Problem to solve: Transcribe every entry below word for word, but skip the pictures.

[Phrase grounding data]
= = =
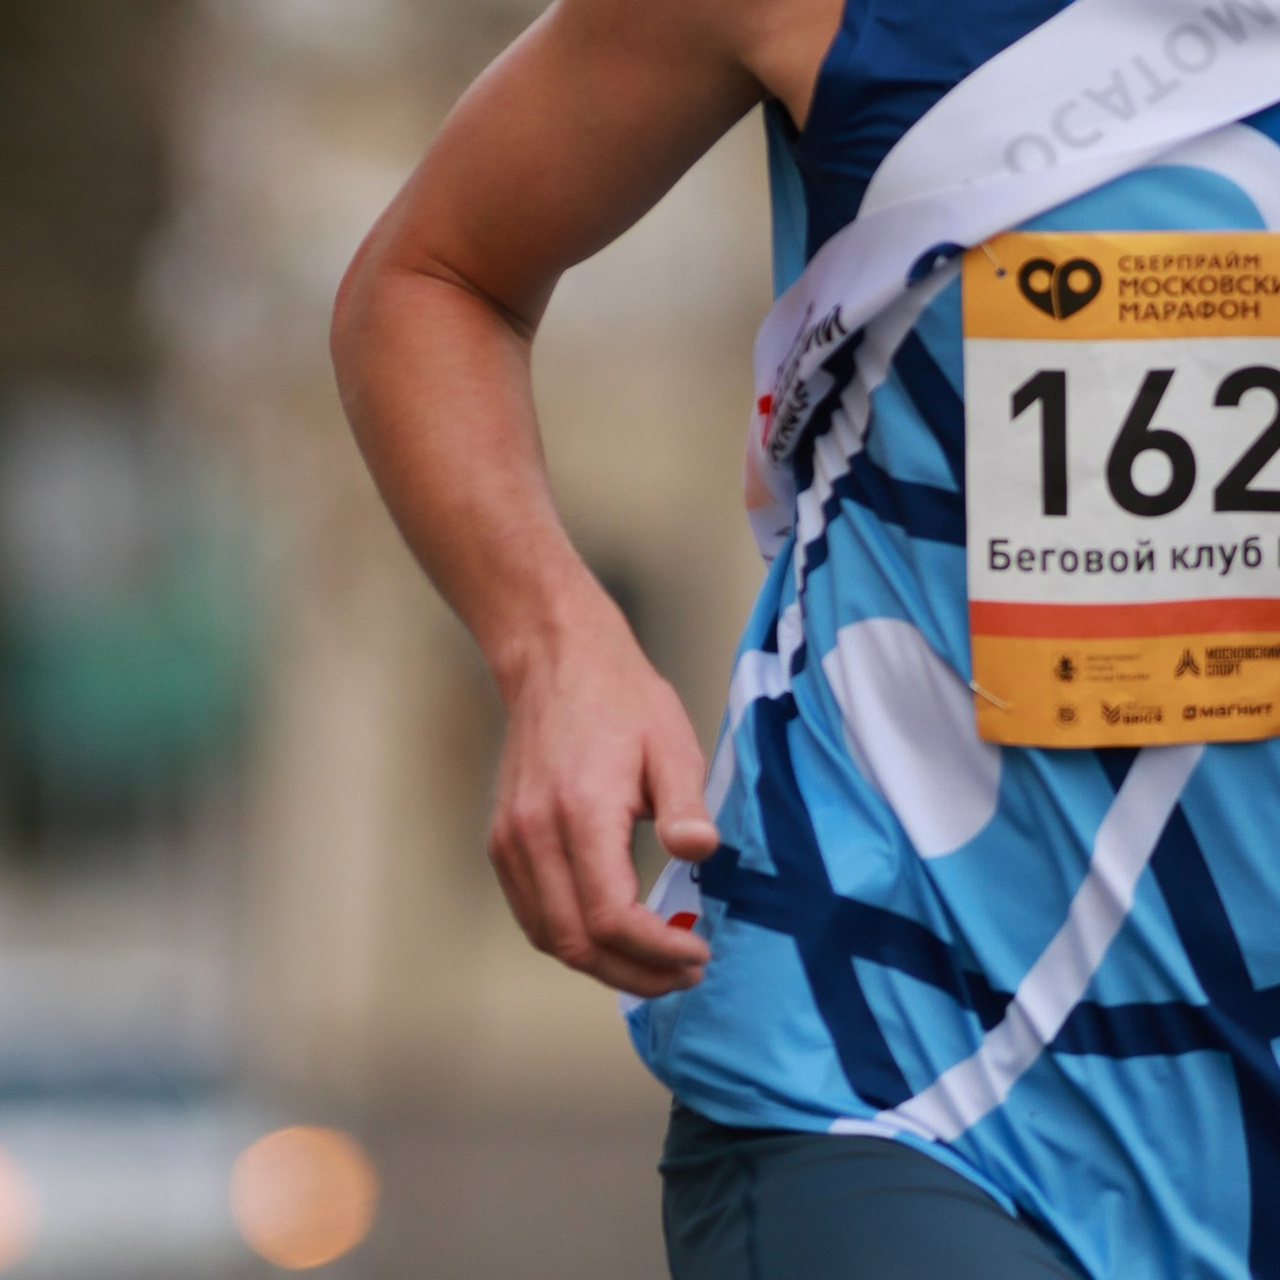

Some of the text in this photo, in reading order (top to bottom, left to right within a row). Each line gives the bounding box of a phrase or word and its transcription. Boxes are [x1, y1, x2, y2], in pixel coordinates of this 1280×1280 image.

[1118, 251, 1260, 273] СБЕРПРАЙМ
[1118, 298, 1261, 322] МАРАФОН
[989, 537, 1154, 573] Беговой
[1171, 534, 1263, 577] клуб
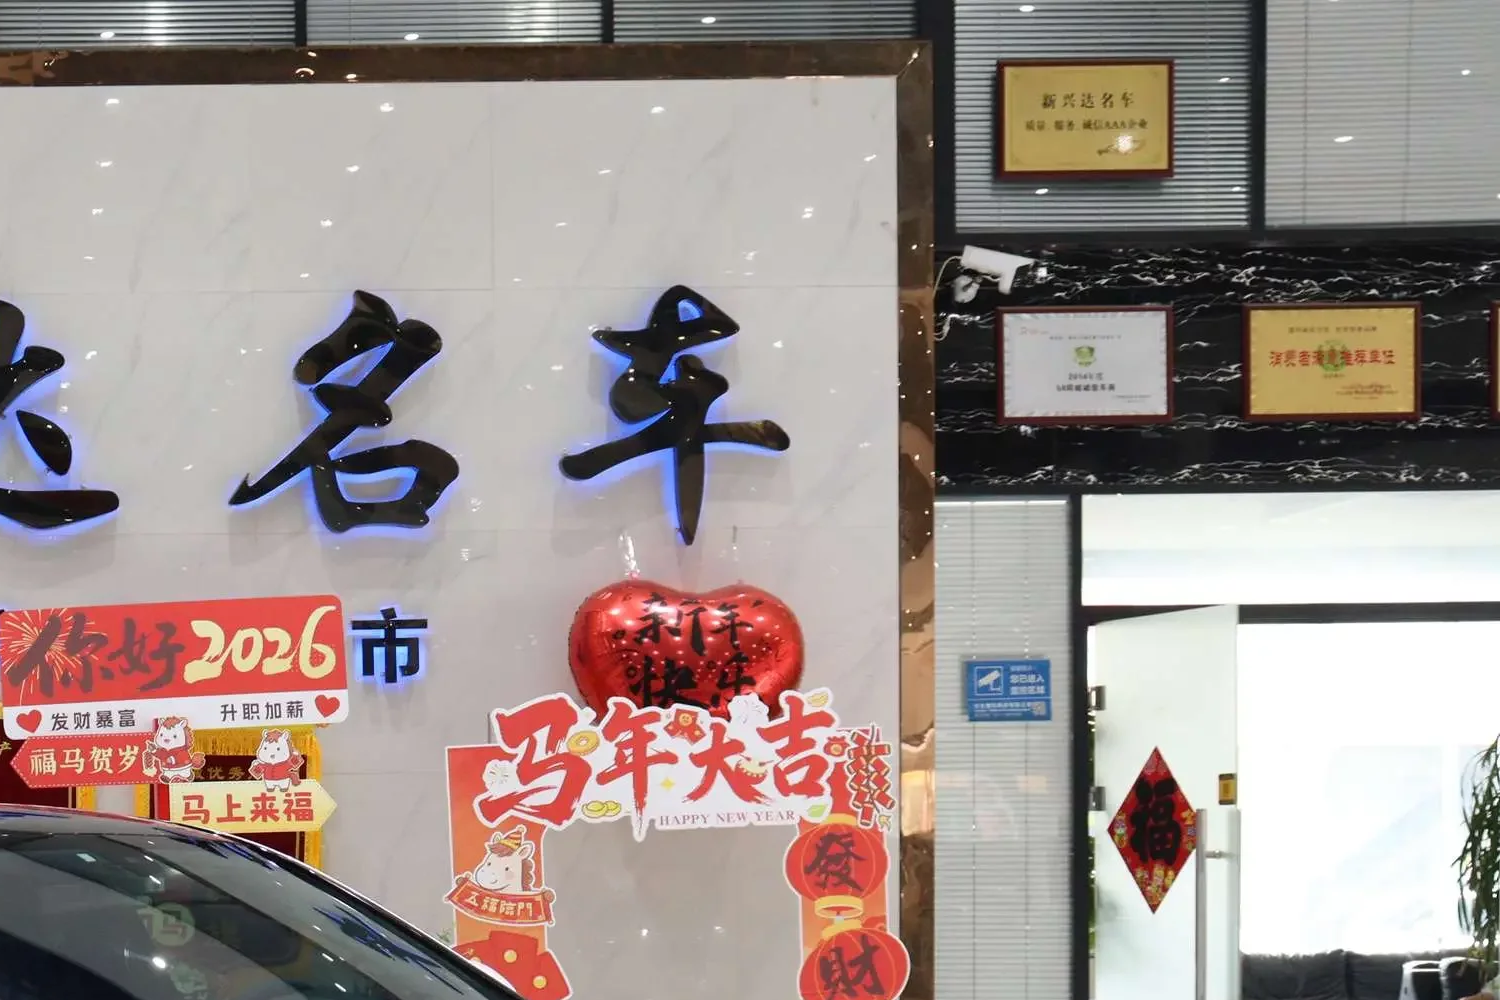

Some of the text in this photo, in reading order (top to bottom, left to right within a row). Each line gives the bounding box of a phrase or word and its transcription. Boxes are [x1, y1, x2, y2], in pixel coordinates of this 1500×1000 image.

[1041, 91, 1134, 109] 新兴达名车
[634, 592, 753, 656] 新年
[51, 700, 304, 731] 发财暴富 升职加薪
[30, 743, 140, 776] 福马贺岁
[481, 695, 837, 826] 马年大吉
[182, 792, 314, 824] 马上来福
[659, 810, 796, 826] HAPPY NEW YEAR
= = =
Solution to this problem:
Some of the text in this photo, in reading order (top to bottom, left to right within a row). Each line gives the bounding box of a phrase or word and its transcription. Boxes are [x1, y1, x2, y2], in pixel coordinates of this 1280×1280 image.

[1118, 251, 1260, 273] СБЕРПРАЙМ
[1118, 298, 1261, 322] МАРАФОН
[989, 537, 1154, 573] Беговой
[1171, 534, 1263, 577] клуб

Some of the text in this photo, in reading order (top to bottom, left to right within a row). Each line gives the bounding box of a phrase or word and its transcription. Boxes are [x1, y1, x2, y2], in pixel coordinates of this 1500×1000 image.

[1041, 91, 1134, 109] 新兴达名车
[634, 592, 753, 656] 新年
[51, 700, 304, 731] 发财暴富 升职加薪
[30, 743, 140, 776] 福马贺岁
[481, 695, 837, 826] 马年大吉
[182, 792, 314, 824] 马上来福
[659, 810, 796, 826] HAPPY NEW YEAR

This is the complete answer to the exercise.